Gropius Bau

Sundays for Hong Kong II

Films about a ruptured city

15 Mar - 26 Apr 2020

„Many Undulating Things“ (Filmstill)
Our film series “Sundays for Hong Kong” continues online! From 9 April, we will be presenting four films from the series originally planned for the Gropius Bau – for four weeks.

The cinema campaign “Sundays for Hong Kong” is a sign of sympathy in the face of the violent clashes in Hong Kong since the summer of 2019. Its aim is to present the multifaceted backgrounds of by presenting less known works by remarkable filmmakers from the famous film city of Hong Kong To illuminate the culture, history and reality of life of the former British crown colony.

Early this year, the coronavirus put a damper on Hong Kong’s pro-democratic movements. The spirit of protest, however, stayed alive within the digital realm. After the first wave of corona infections flattened, a kind of normality returned to Hong Kong. Shops, restaurants, sports venues, hotels and clubs reopened, people went back to work and museums were also supposed to reopen soon. However, a large number of businesses, already weakened by months of protests and the closures due to COVID-19, have gone bankrupt.

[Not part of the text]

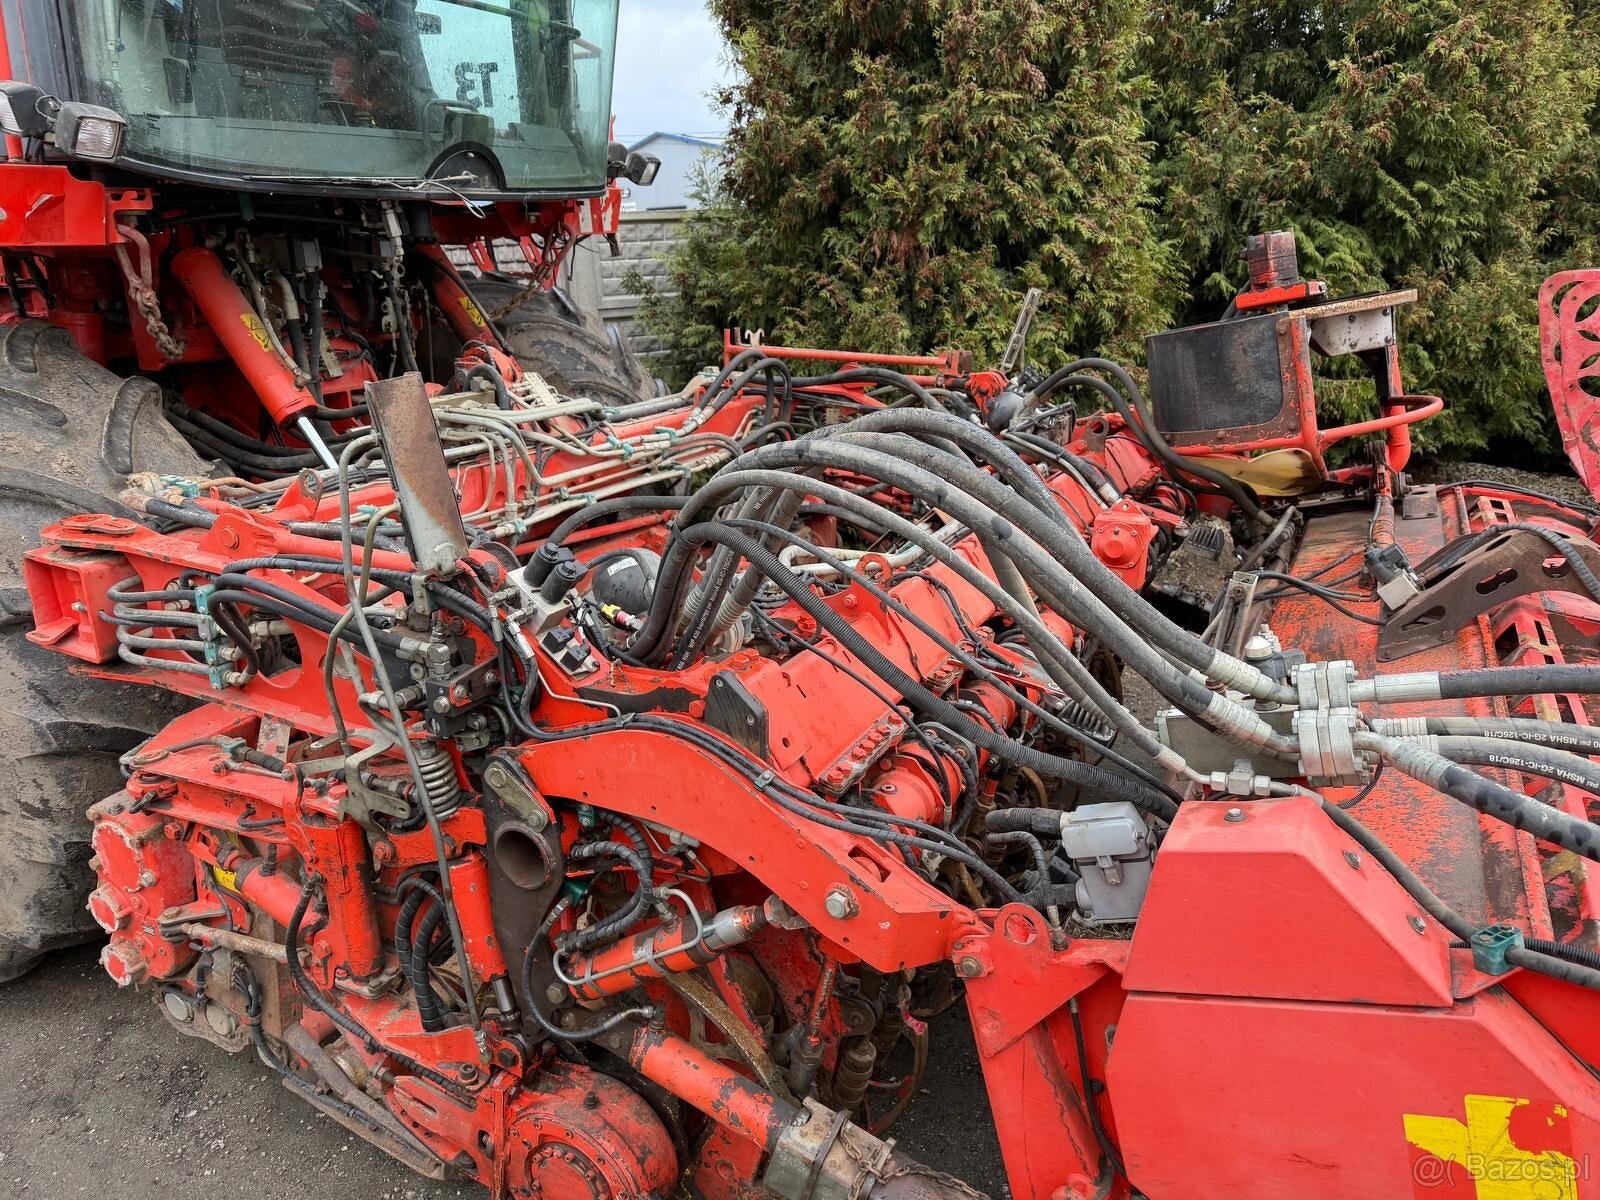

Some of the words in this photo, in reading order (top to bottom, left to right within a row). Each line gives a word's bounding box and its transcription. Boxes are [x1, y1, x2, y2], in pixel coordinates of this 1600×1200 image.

In March, there were renewed arrests and violent clashes between protesters and police. At the same time, the number of new infections in Hong Kong is once more rising significantly. The second wave of contamination seems to have hit the city. The political and cultural future of Hong Kong appears to be entirely uncertain in the face of the agreement between the United Kingdom of Great Britain and Northern Ireland and the People’s Republic of China (due to expire in 2047), which declared the former British crown colony to be a Chinese Special Administrative Region – and its economic future is now equally unclear.

But which culture are we talking about? What makes Hong Kong’s situation so unique? Which are the similarities with freedom movements in other parts of the world?

Our selected films will hardly be able to give definitive answers to any of these questions. But they will be an opportunity to learn and understand more about the city, its people and its dynamics.